* Required action: Below are records to be copied exactly; their pictures are to be omitted.
_ _ _ _ _
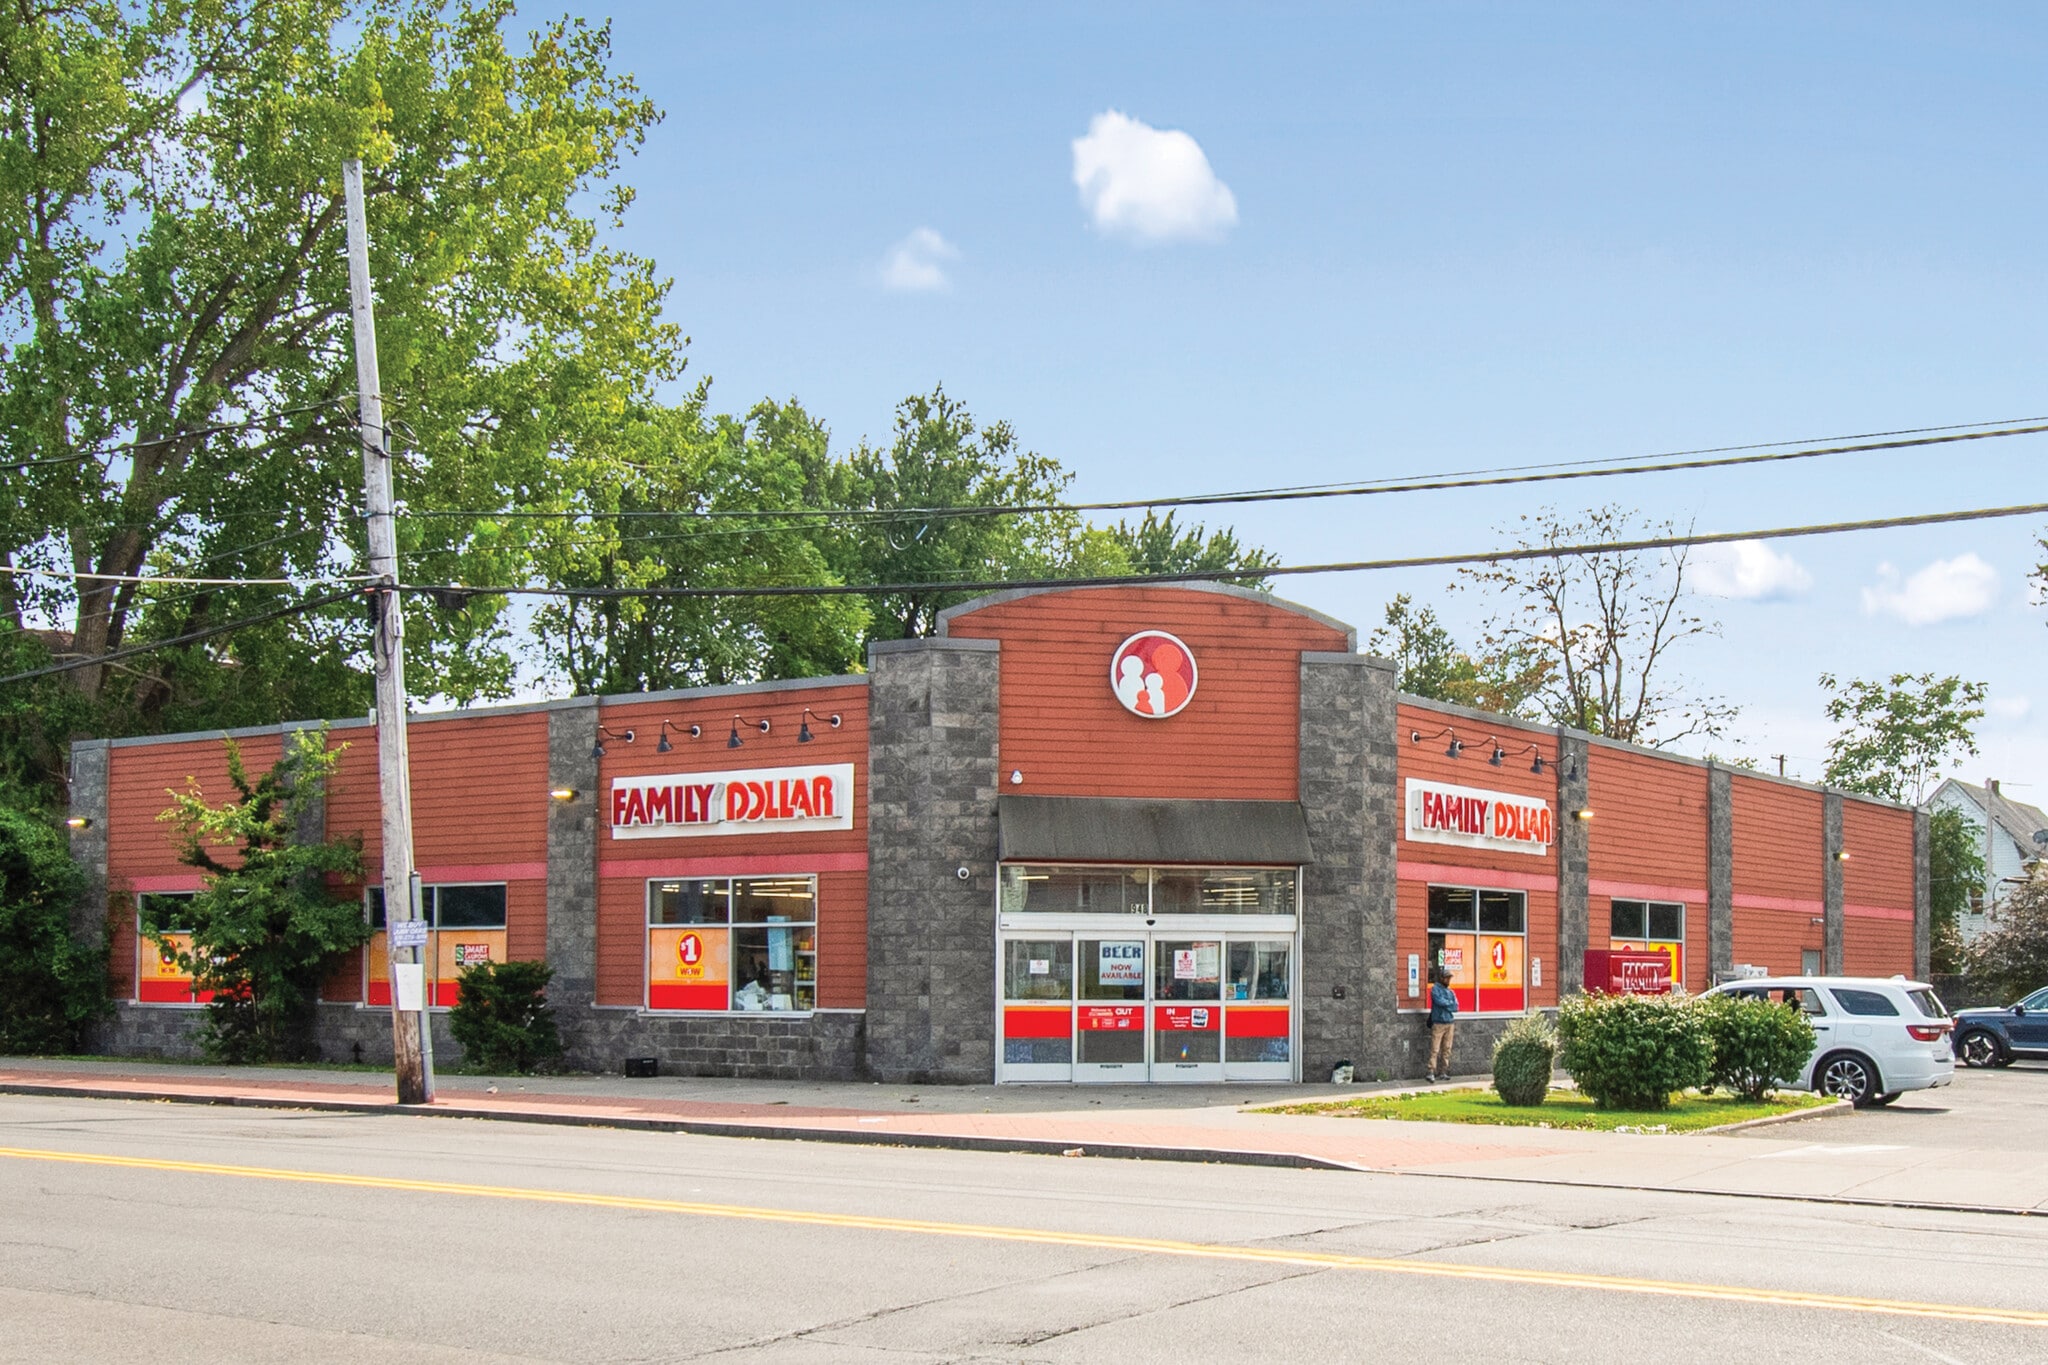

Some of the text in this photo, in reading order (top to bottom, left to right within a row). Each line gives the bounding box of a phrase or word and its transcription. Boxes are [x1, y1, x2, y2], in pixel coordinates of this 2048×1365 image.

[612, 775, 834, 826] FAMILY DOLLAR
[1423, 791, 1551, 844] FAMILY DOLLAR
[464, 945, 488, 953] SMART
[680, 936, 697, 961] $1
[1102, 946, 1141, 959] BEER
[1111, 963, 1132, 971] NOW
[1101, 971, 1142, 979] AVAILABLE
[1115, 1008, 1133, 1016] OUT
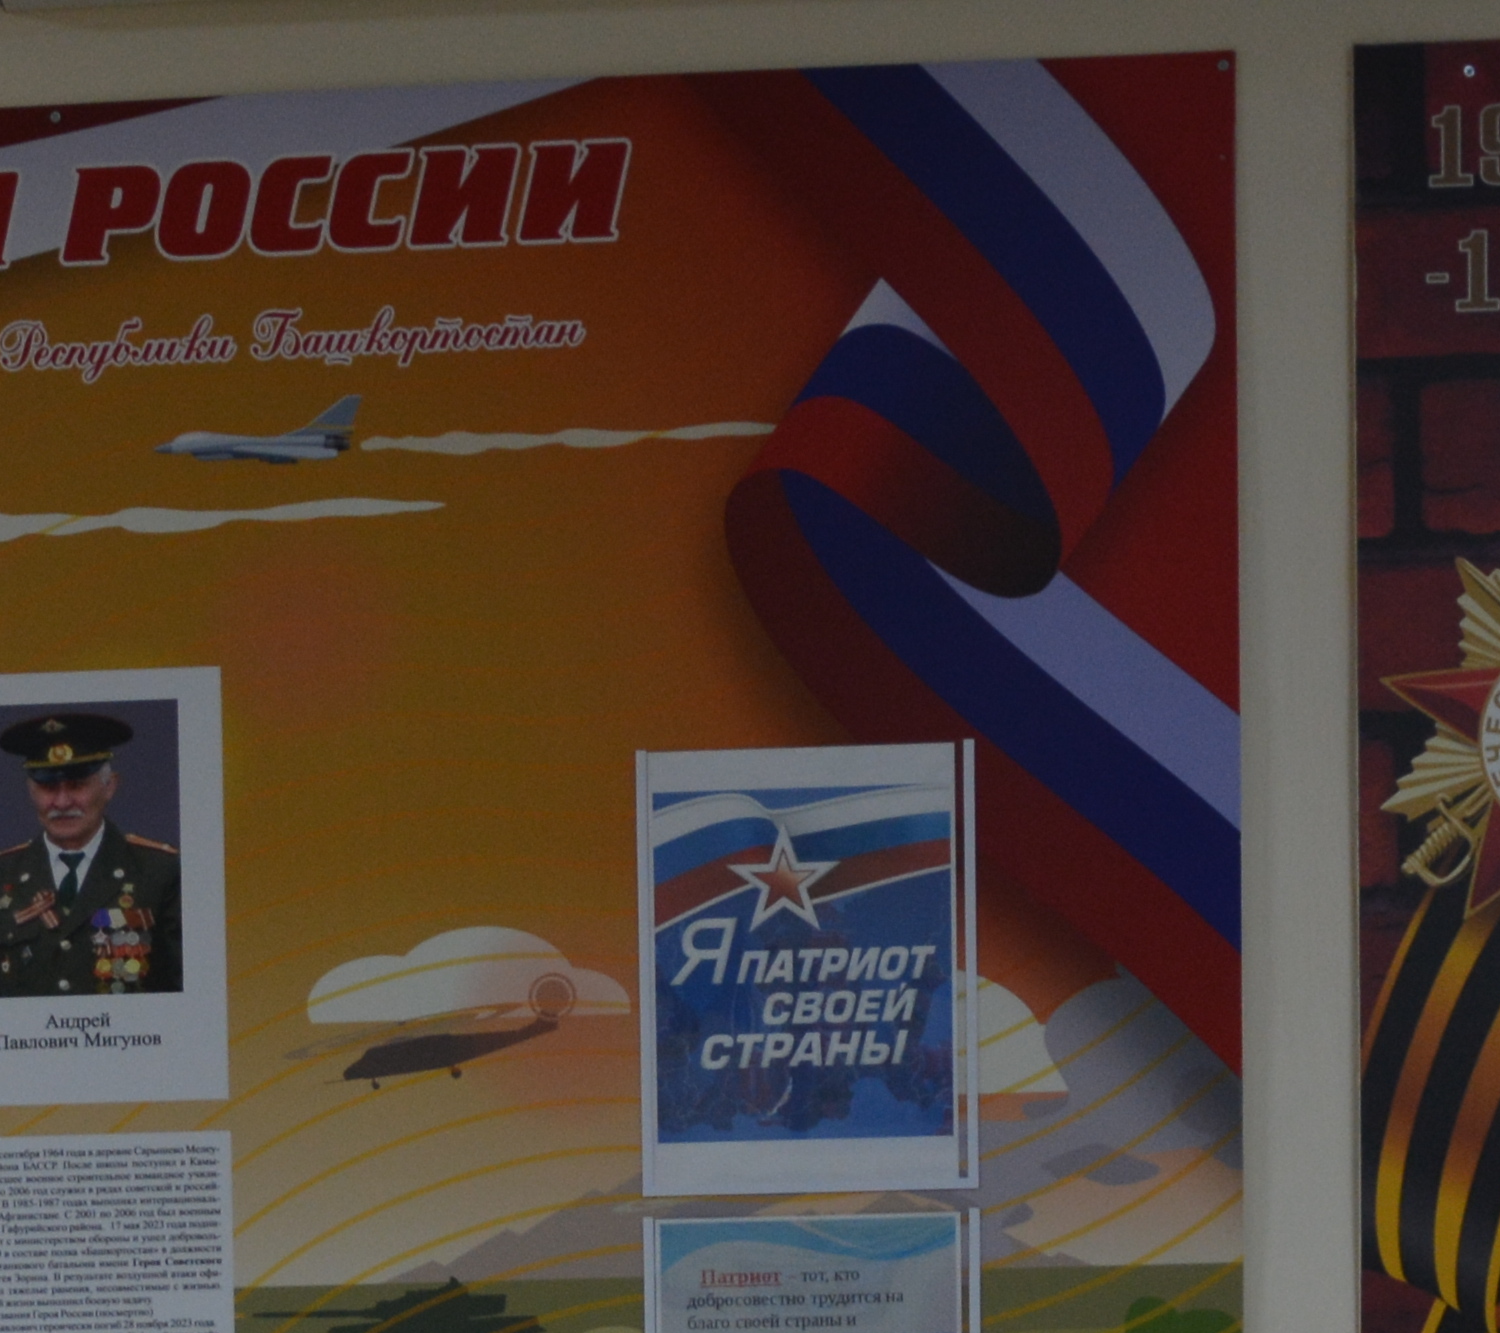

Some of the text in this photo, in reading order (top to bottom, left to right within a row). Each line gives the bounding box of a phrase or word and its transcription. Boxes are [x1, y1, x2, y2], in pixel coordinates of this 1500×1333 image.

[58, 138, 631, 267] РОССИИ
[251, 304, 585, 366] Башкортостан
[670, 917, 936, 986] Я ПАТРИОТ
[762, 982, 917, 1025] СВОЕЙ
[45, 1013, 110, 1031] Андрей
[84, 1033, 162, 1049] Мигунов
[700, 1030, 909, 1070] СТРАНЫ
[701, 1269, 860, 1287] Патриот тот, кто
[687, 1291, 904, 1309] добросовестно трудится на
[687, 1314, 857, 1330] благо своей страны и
_ _ _ _ _
* Finished task:
Some of the text in this photo, in reading order (top to bottom, left to right within a row). Each line gives the bounding box of a phrase or word and its transcription. Boxes are [x1, y1, x2, y2], in pixel coordinates of this 2048×1365 image.

[612, 775, 834, 826] FAMILY DOLLAR
[1423, 791, 1551, 844] FAMILY DOLLAR
[464, 945, 488, 953] SMART
[680, 936, 697, 961] $1
[1102, 946, 1141, 959] BEER
[1111, 963, 1132, 971] NOW
[1101, 971, 1142, 979] AVAILABLE
[1115, 1008, 1133, 1016] OUT

Some of the text in this photo, in reading order (top to bottom, left to right within a row). Each line gives the bounding box of a phrase or word and its transcription. Boxes are [x1, y1, x2, y2], in pixel coordinates of this 1500×1333 image.

[58, 138, 631, 267] РОССИИ
[251, 304, 585, 366] Башкортостан
[670, 917, 936, 986] Я ПАТРИОТ
[762, 982, 917, 1025] СВОЕЙ
[45, 1013, 110, 1031] Андрей
[84, 1033, 162, 1049] Мигунов
[700, 1030, 909, 1070] СТРАНЫ
[701, 1269, 860, 1287] Патриот тот, кто
[687, 1291, 904, 1309] добросовестно трудится на
[687, 1314, 857, 1330] благо своей страны и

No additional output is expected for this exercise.